I’m not alone. By February most resolution loving humans have become fickle wrecks, rationalizing all the reasons why the promises we made to ourselves were broken. Why no amount of good intention was enough to realize change.

After many decades of repeating this pattern I decided resolutions were a fools errand and stopped torturing myself. Until now. This year, 2021, is different. I’m not certain why. Perhaps  the chaos and commotion of 2020 has left me feeling untethered and the only way to anchor myself in the present is to build a framework for the future.

I’ve read that one of the reasons why our resolve fails after a few short weeks is because the goals we set for ourselves are not specific enough. For instance, it’s not enough for me to tell myself “In 2021 I want to be published.” What does ‘be published’ mean? Do I mean a letter to the editor of my local newspaper or a feature in O Magazine? It’s more helpful for me to set this intention: “In 2021 I want to be published in the Readers Write column of The Sun.” That still may not happen, but the specificity of the intent allows me to create a plan of action that moves me forward toward that goal.

In the past, like many, ‘lose weight’ and it’s sidekick ‘exercise more’ has made an appearance on my list of resolutions. Even when my weight was well in the realm of ‘average’ and I was hitting the magic number of steps. It landed on my list this year but I had to wonder why. And so, it’s been helpful to take time to consider what I actually mean when less weight and more exercise land on the list. It hasn’t taken long for me to realize these goals are really not about weight loss and exercise. They’re about health and wellness. They weren’t about fitting into the embossed leather pencil skirt a friend outgrew and passed on to me. They’re about living life with vibrancy. With clarity. Besides, can you see me teaching yoga in an embossed leather pencil skirt?

So how do I find vibrancy? Where is the clarity I seek?
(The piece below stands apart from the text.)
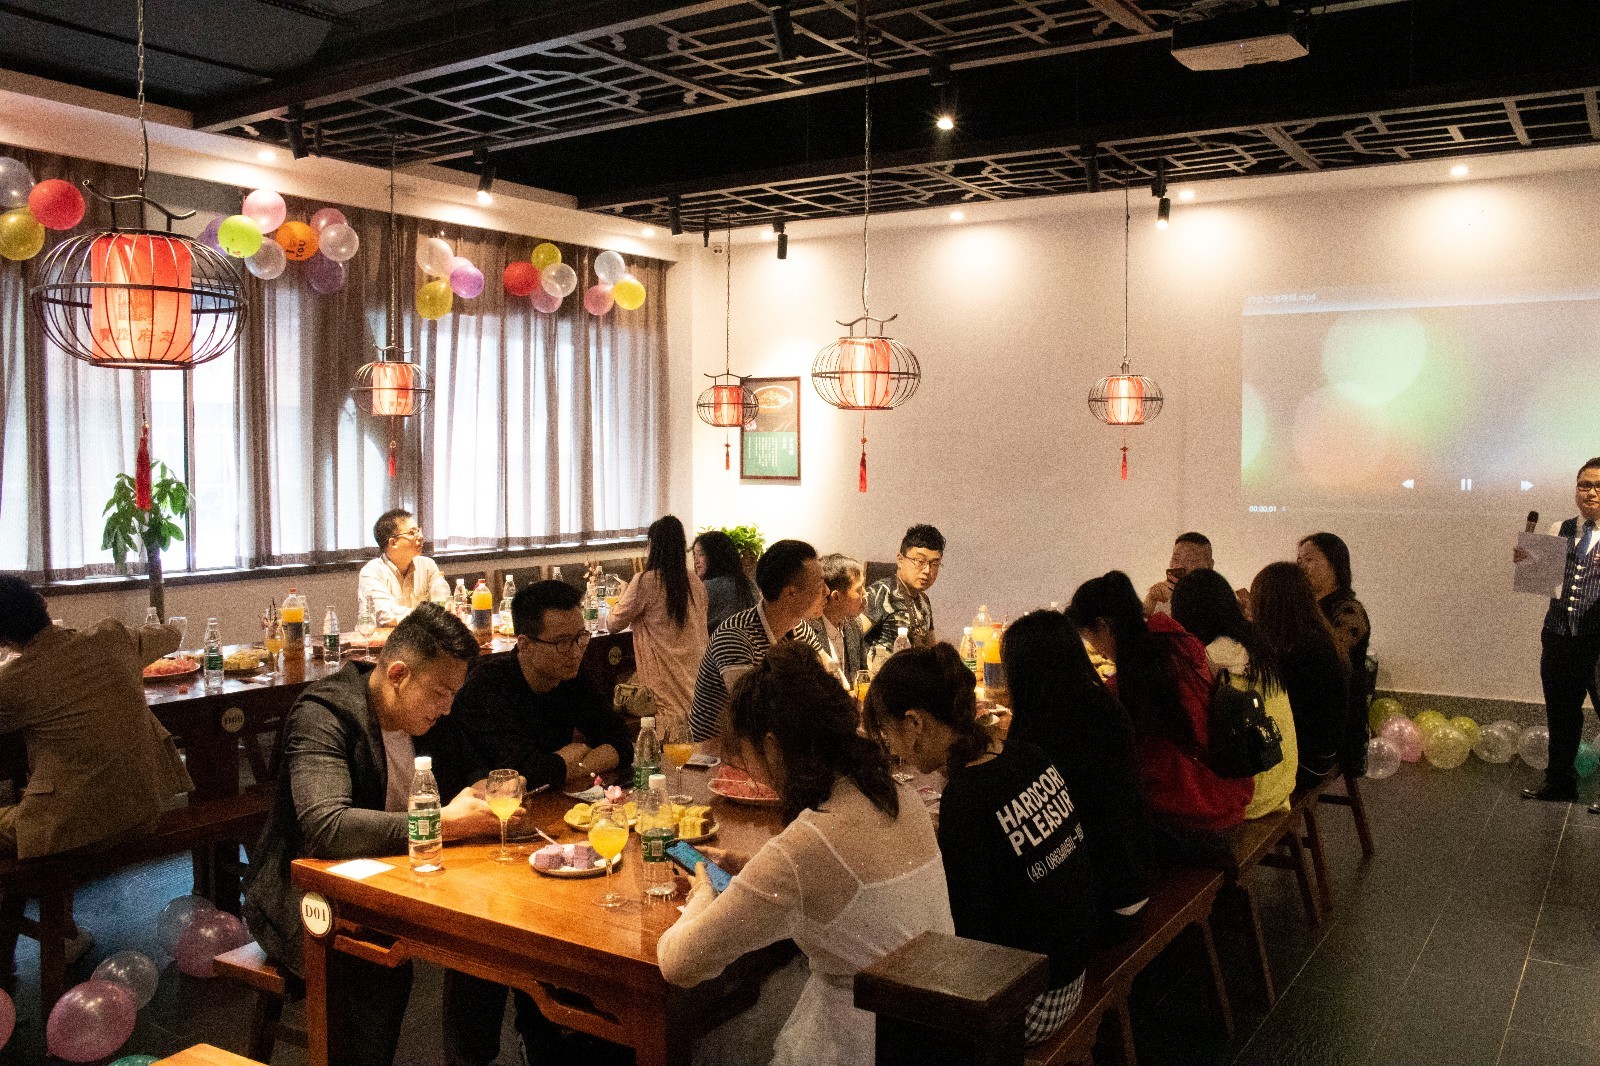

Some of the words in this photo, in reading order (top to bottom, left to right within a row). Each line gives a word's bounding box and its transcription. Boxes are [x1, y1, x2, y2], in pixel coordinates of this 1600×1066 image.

[1008, 787, 1075, 857] PLEASUR
[1026, 860, 1048, 883] (48)
[305, 904, 326, 922] D01
Last year began with the death of my mother. She was an alcoholic. As was my grandfather.  Two months after the local post office lost and then recovered my mother’s ashes (it could only happen to my mom) we shut down and the life we knew became The Before Times. Overnight we were strategizing new coping mechanisms. 

My coping mechanism was wine. What became a glass or two on weekends morphed into a couple of glasses on weekend nights and a glass or two over the course of the work week which eventually morphed into a glass or two every night of the week. Every now and again I took a break for a few days – just to prove I could – but the next COVID graph would send me back to the Pinot. The amount I was drinking was more than I should but I was convinced my nightly habit relieved the pressure of coping in the weird time in which we live. And besides, I only poured the Pinot as a nightcap before climbing into bed. When I started climbing into bed at 7:00 PM I had to ask myself, ‘how much drinking is too much drinking?’

And the cheap Pinot was not supporting the vibrancy and clarity I want for my life. And so, here I go, walking into this new, amazing year as a non-drinker. I’d like to say this is permanent but I don’t know if that’s true. I want it to be true but I’m just a humble and flawed yoga teacher. So we’ll see.